I wasn't basing it on lobbying politicians (the lunch with a Senator thing is a nice side option, but probably #58 down the list of priorities for the H2Q move).
Far higher priority is the access to the medical/tech/biotech/space agencies. As I clearly wrote in my post: "More likely, they will be able to limo over to NIH, the FDA, Goddard Space , National Institute of Standards and Technology, the FCC, the US Patent and Trademark Office, Dept of Commerce, etc. a lot quicker also." By the way, there is a lot of tech talent at those agencies.
Respectfully, you seem to have this backward. Defense contractors actually need to convince federal employees to give them money and often collaborate with them on a monthly, weekly, or daily basis. No fluff about influencing policy, I'm talking about a primary source of revenue for their primary business model. In my company (not a defense prime) something like 90% of our revenue is from federal contracts and we don't have anything more than satellite offices in the DC area. We fly to DC a lot though.
In contrast, none of those agencies you list are, to my knowledge at least, funding sources for Amazon. Amazon doesn't have thousands of employees interacting with, collaborating with, and trying to get money from federal agencies.

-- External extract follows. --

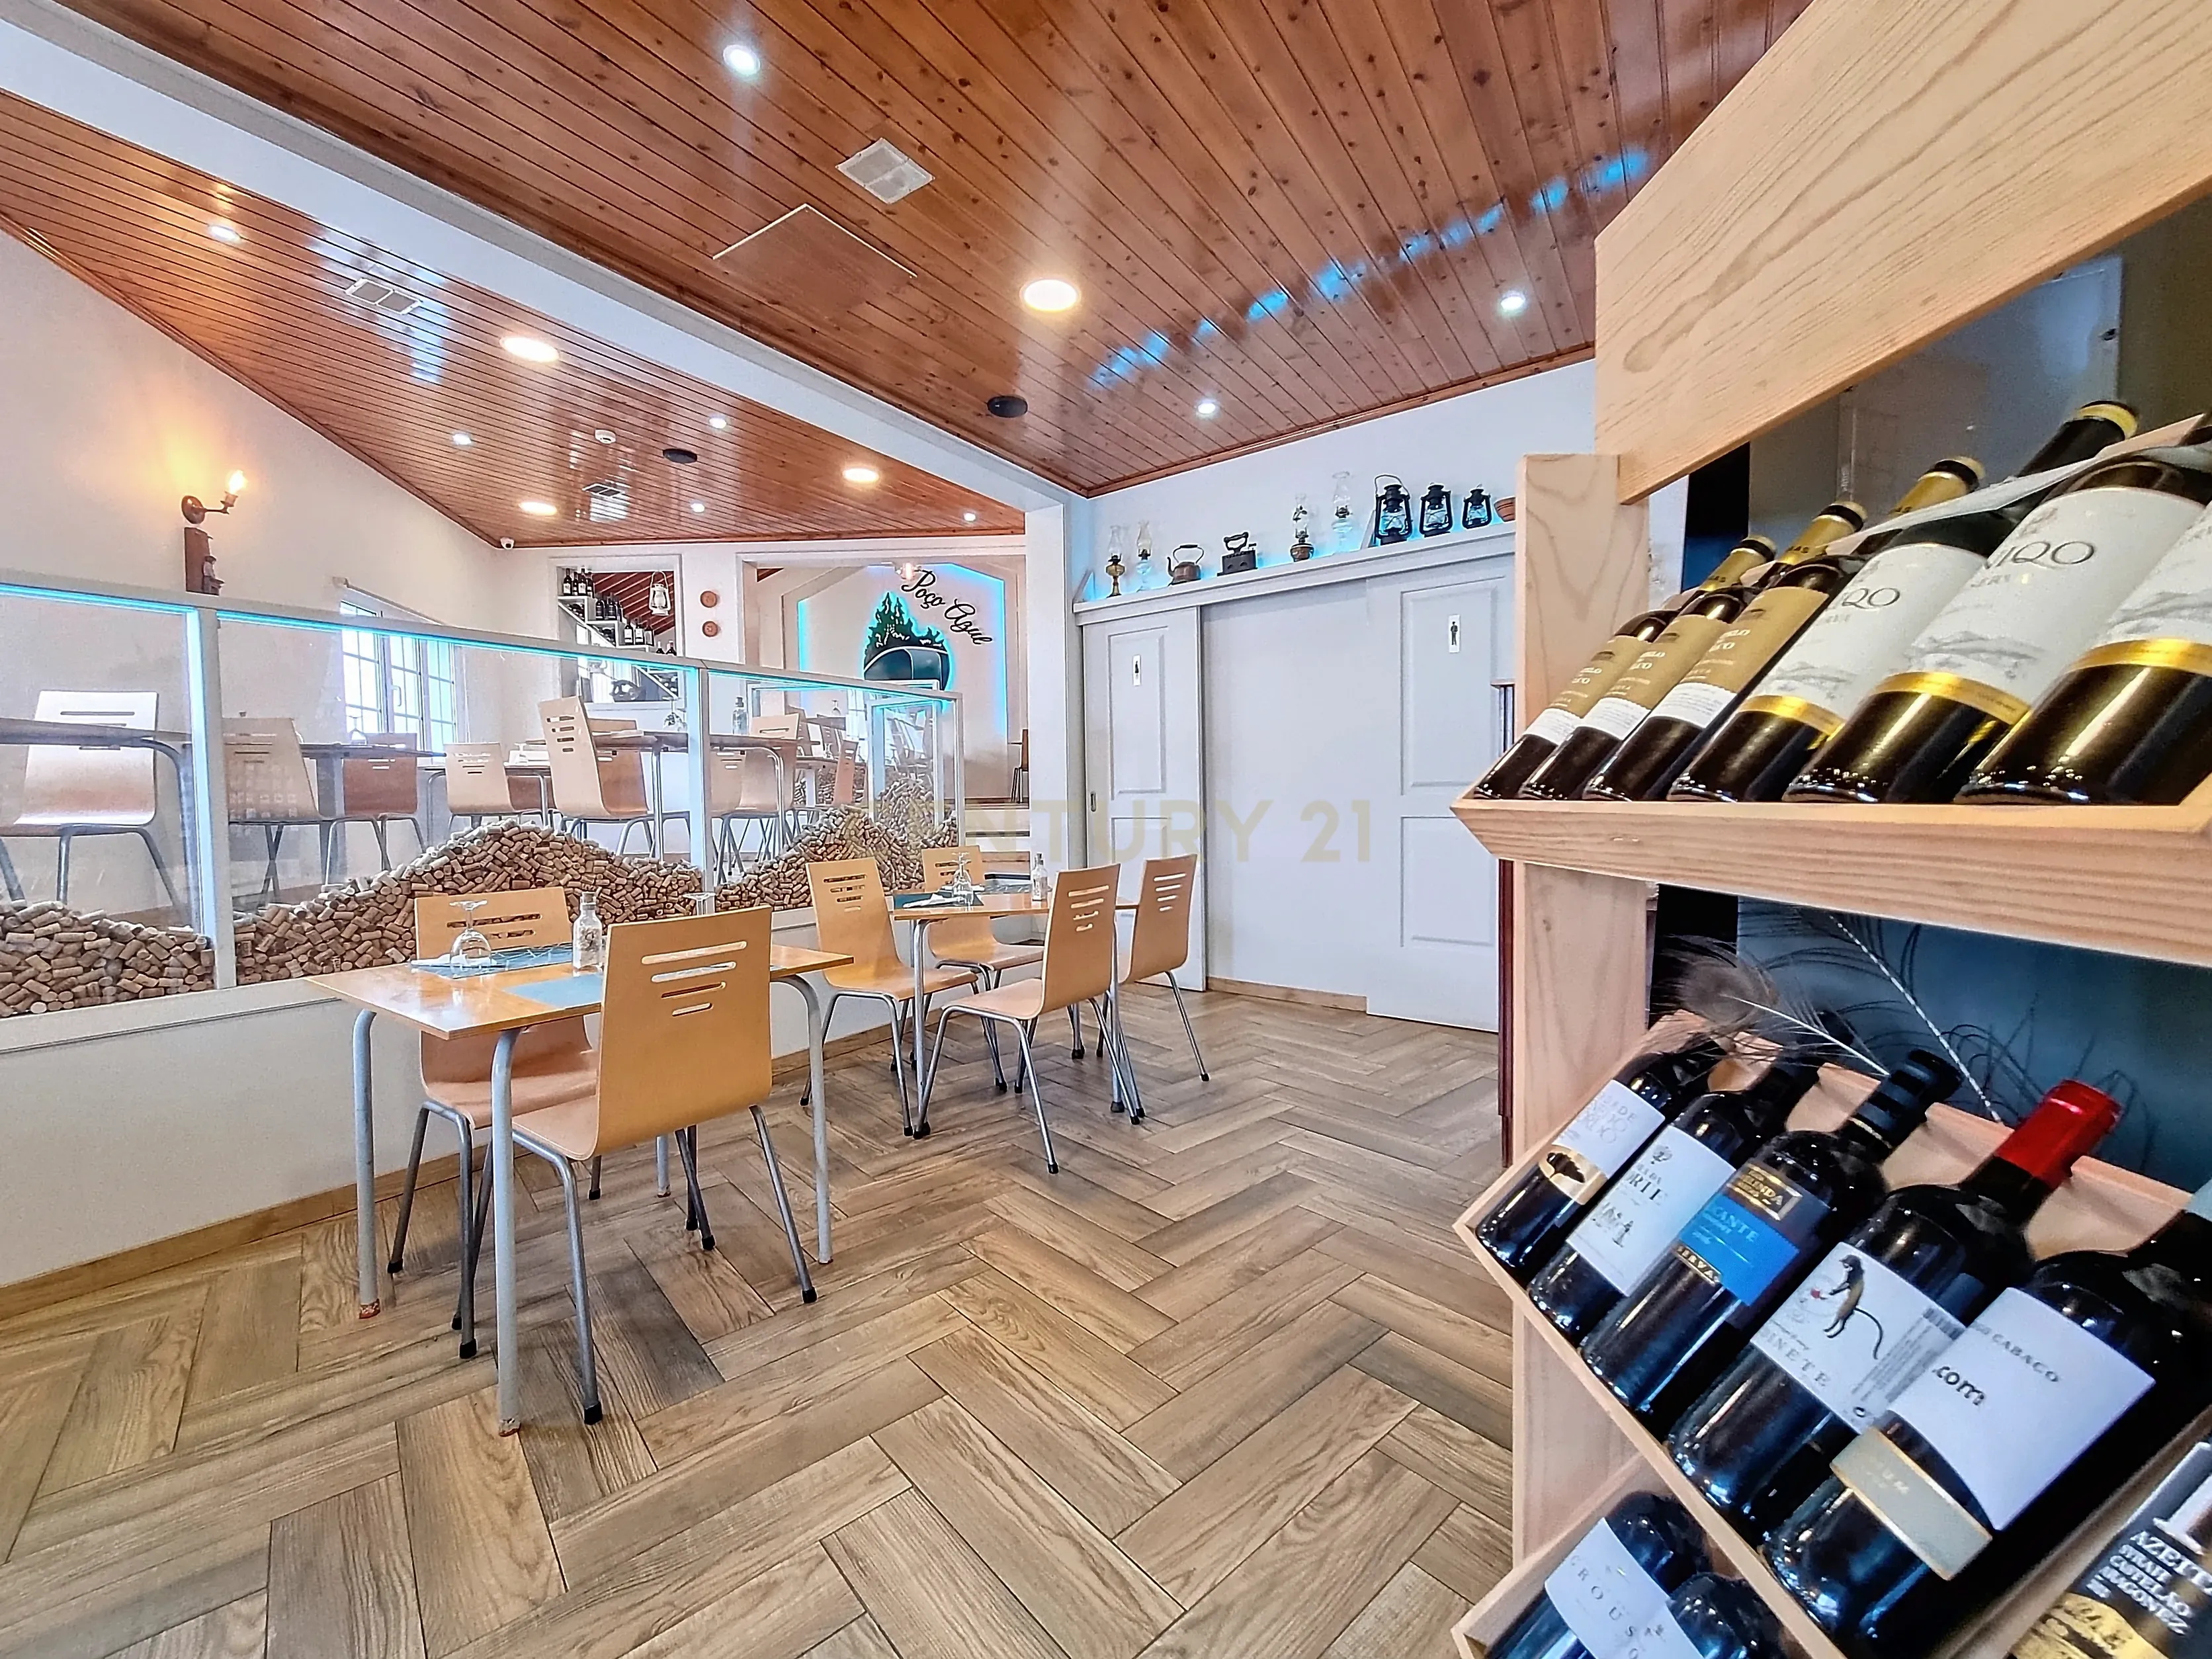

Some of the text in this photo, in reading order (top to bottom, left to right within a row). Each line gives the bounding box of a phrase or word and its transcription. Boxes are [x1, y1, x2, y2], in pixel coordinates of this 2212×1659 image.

[901, 569, 993, 645] Poço Azul
[2130, 1530, 2212, 1596] AZEIT

How many Amazonians a day are even on the phone with DC, let alone on a plane going there? This is a non-issue.
And finally, if "proximity to federal employees" is priority #7 in this decision, then it will not factor in at all. That isn't how businesses make decisions (sadly I've had 6-sigma training and I know more MBAs than I would like). It is inconceivable that DC would be in a dead heat with another city (e.g. Philly) on priorities #1-6 and finally the #7 tie breaker kicks in.